**WORK REQUIRED**
Only the pictures are to be omitted; every entry beneath should otherwise be duplicated exactly.

Data items
########
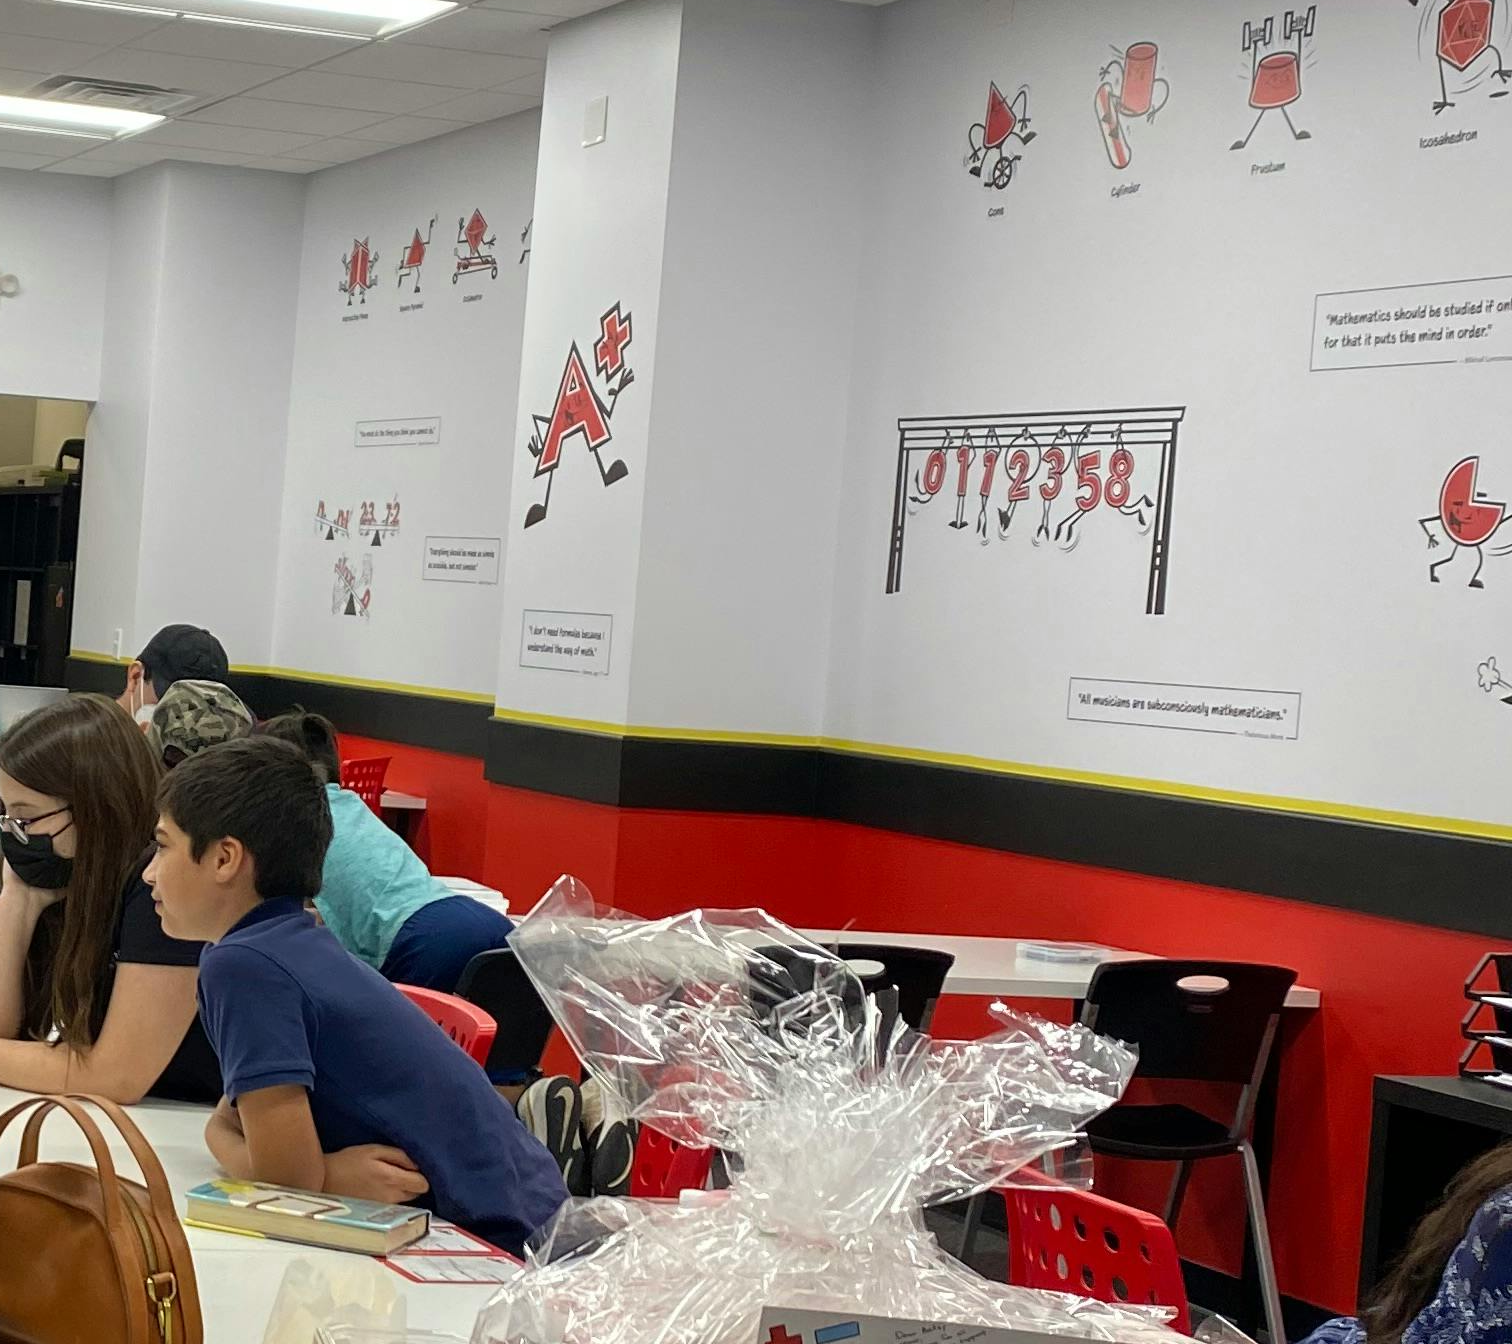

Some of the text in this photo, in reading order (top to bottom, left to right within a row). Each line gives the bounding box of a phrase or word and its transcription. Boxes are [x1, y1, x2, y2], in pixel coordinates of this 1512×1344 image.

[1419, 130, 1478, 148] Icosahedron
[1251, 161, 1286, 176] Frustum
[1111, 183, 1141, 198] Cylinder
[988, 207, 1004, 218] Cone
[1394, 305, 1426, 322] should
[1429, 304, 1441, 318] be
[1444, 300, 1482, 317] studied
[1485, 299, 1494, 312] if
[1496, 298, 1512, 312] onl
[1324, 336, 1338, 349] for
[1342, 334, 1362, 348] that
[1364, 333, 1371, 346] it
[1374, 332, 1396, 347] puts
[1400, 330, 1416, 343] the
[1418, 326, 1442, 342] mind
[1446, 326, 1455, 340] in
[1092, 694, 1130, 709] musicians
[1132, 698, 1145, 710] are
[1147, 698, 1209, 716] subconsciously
########
**SOLUTION BELOW**
Some of the text in this photo, in reading order (top to bottom, left to right within a row). Each line gives the bounding box of a phrase or word and its transcription. Boxes are [x1, y1, x2, y2], in pixel coordinates of this 1512×1344 image.

[1419, 130, 1478, 148] Icosahedron
[1251, 161, 1286, 176] Frustum
[1111, 183, 1141, 198] Cylinder
[988, 207, 1004, 218] Cone
[1394, 305, 1426, 322] should
[1429, 304, 1441, 318] be
[1444, 300, 1482, 317] studied
[1485, 299, 1494, 312] if
[1496, 298, 1512, 312] onl
[1324, 336, 1338, 349] for
[1342, 334, 1362, 348] that
[1364, 333, 1371, 346] it
[1374, 332, 1396, 347] puts
[1400, 330, 1416, 343] the
[1418, 326, 1442, 342] mind
[1446, 326, 1455, 340] in
[1092, 694, 1130, 709] musicians
[1132, 698, 1145, 710] are
[1147, 698, 1209, 716] subconsciously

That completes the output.